States and Governments: Facilitators or Impediments to Development

“The fight against corruption is the other modernization, whose necessity makes itself felt at the hour of going forth to compete in the world, of attracting foreign investment. The rest of its liberalizing efforts probably depend on its success.” (El Negro Mapa de la Corrupcion)


 I want my votes back

Martinussen, Ch. 24

Mainstream thinking: preference for existing bureaucratic organizations, public or private

Very few theories: emphasize the role of individual citizens as independent actors.

Class theories: do focus on people

People-Managed Development: Development starts with and controlled by civil society (Martinussen, p.332).

Guy Gran is a central theorist of this paradigm. He critiques bureaucratic governance and current development strategies because they are based on neoliberal principles (i.e., favoring free-market capitalism). He believes a) much of the world’s misery can be traced to the interests of the economic and political elites, and b) no government will engage in sustained mass development unless the poor are sufficiently powerful to force such policy.

Development via people happens when a) The poor are aware of their situation (this is conscientisation à la Paolo Freire), b) barriers that prevent the poor from having influence on decision-making and participation are eliminated, and c) people are organized into small “base communities” to ensure horizontal decision-making and ensure consensus (similar to Jean-Jacque Rosseau, 1712-1778)

Decentralization is key because is requires that decision-making powers are transferred to the local citizens. The rationale is that participation + decentralization = the release of dormant resources that will sustain a process whereby basic human needs are satisfied.

External Catalysts for people centered development are required to a) facilitate the processes and b) provide technical training to chosen members of the local ‘target’ groups. Gran prefers NGOs (rather than gov’t) because NGOs are less bureaucratic, better at grass roots work, and more flexible.

Chambers claims that people from the rich industrialized countries are generally unable to play decisive/catalyst roles.

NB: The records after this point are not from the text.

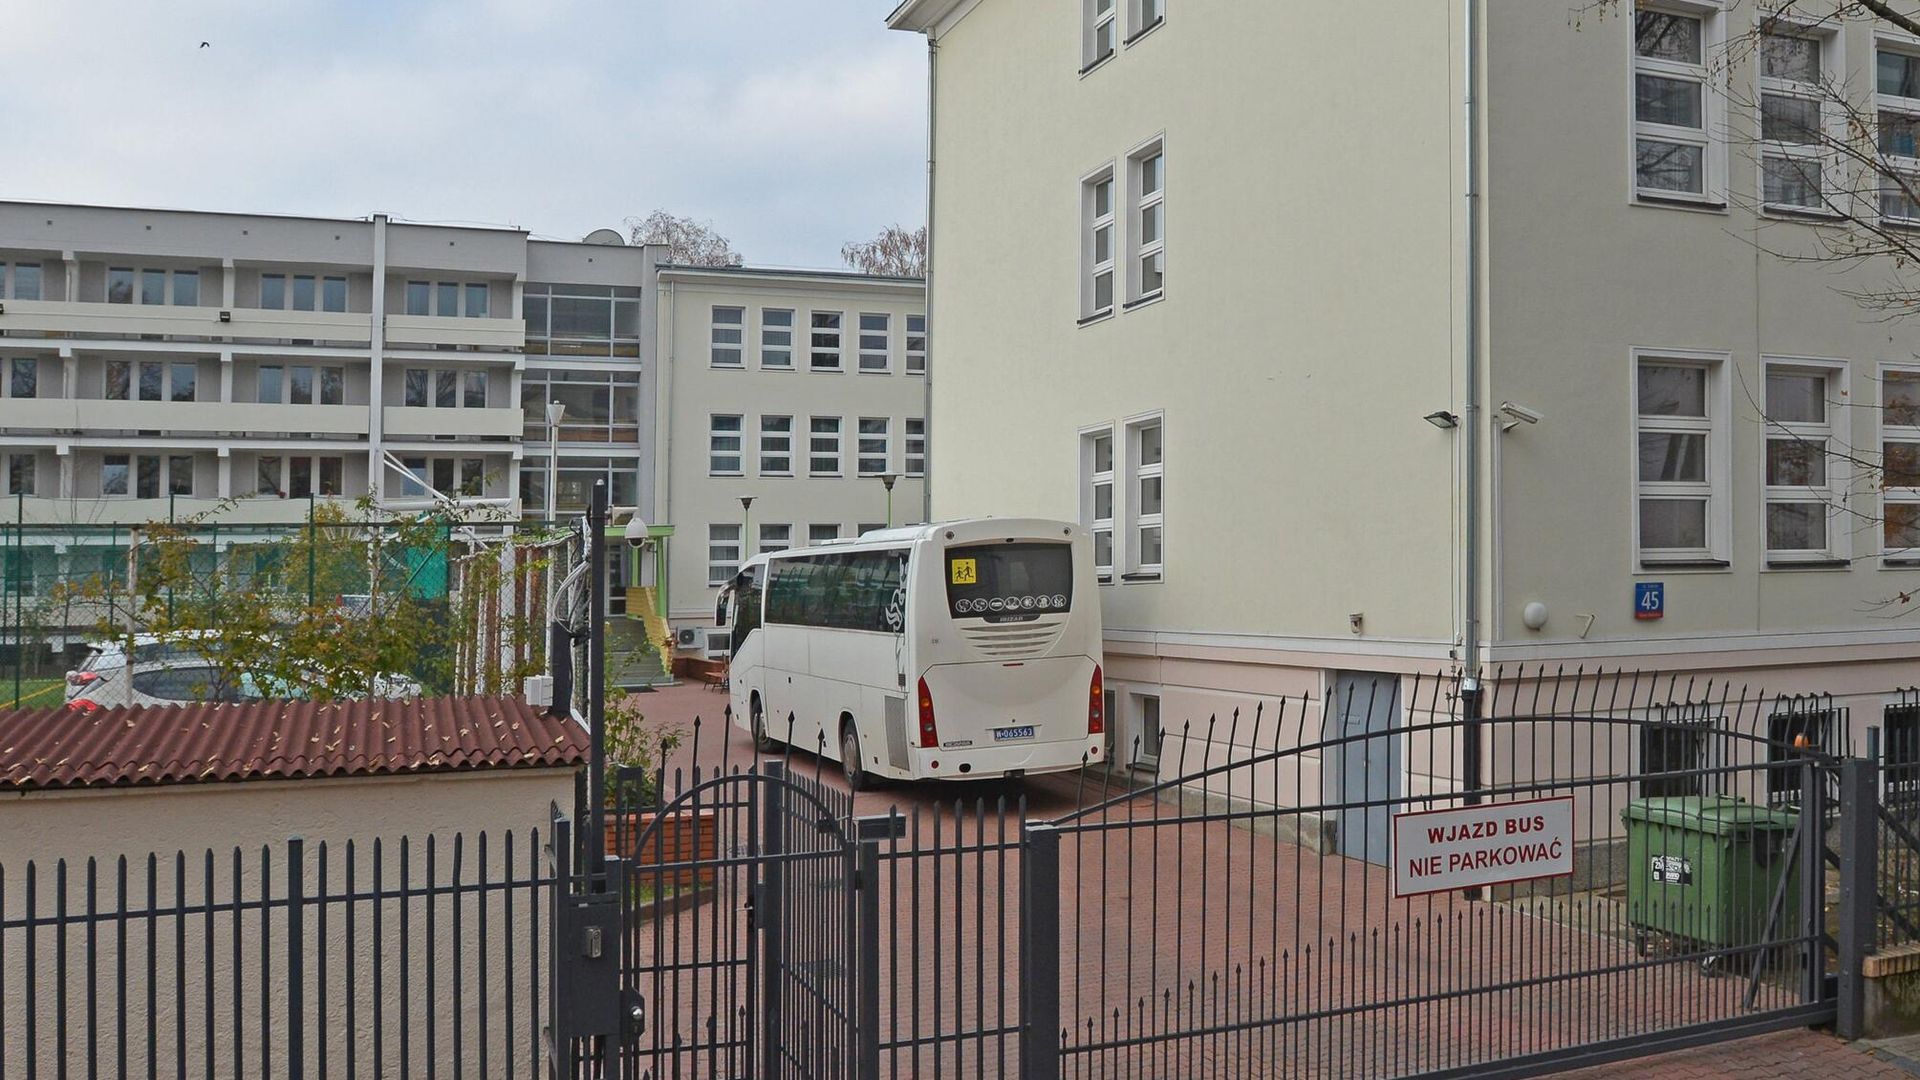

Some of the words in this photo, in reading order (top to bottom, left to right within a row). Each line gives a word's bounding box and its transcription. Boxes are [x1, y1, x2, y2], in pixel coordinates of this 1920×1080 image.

[1641, 592, 1659, 610] 45
[1427, 820, 1498, 844] WJAZD
[1505, 815, 1545, 835] BUS
[1409, 855, 1442, 878] NIE
[1449, 836, 1562, 872] PARKOWAĆ

Opposing view: Both researchers and practitioners with first-hand experience from development co-operation reject Gran’s positive assessment of what external development agent can achieve.

Critique of People-Managed Development: Small community projects and other small-scale efforts are not rejected, but are increasingly seen as only one type of intervention among several others, and there is increasing awareness of the need to integrate these into much more comprehensive macro-economic and macro-political strategies (Drabekk, 1987; Korten, 1990).

“Bad governance in a small country” -Collier

The maximum rate of economic growth possible is 10%, but decline can occur rapidly. Some countries get away with having poor systems because governance and policies interact with external factors, creating different opportunities. For example, coastal Bangladeshi exporters “simply need an environment of moderate taxation, macroeconomic stability, and a few transport facilities” to thrive, in contrast to Chad, which relies on money from oil and outside aid, and so depends on proper governance of these resources.

Why is bad governance so persistent?

  • Leaders gain from it, so they keep citizens uneducated and ill informed.
  • Those who are knowledgeable often leave, and reformers are suppressed or put in jail.
  • Also, the IMF coerced governments to adhere to certain conditions when giving loans, so there is a stigma to reform.

What helps generate a turnaround of a failed state? Three things: large population, higher proportion of people with secondary education, and recently emerged from civil war. After civil war, politics are changing anyway. Democracy does not seem to help policy turnaround, but impetus for change comes from within society and takes a critical mass of educated people. The average length of time to get out of being a failed state is 59 years.

To sustain a turnaround, there are six characteristics that matter:

Good—higher country income, larger population, greater proportion of educated population

Bad—leader in power longer, country experienced favorable shift in terms of trade, recently emerged from civil war

The economic cost of being a failed state builds each year and negatively impacts growth of neighbor states. The estimated cost of a single failing state to itself and its neighbors is around $100 billion, which equals what its turnaround is worth. External support/intervention raises chance of turnaround, but it costs money.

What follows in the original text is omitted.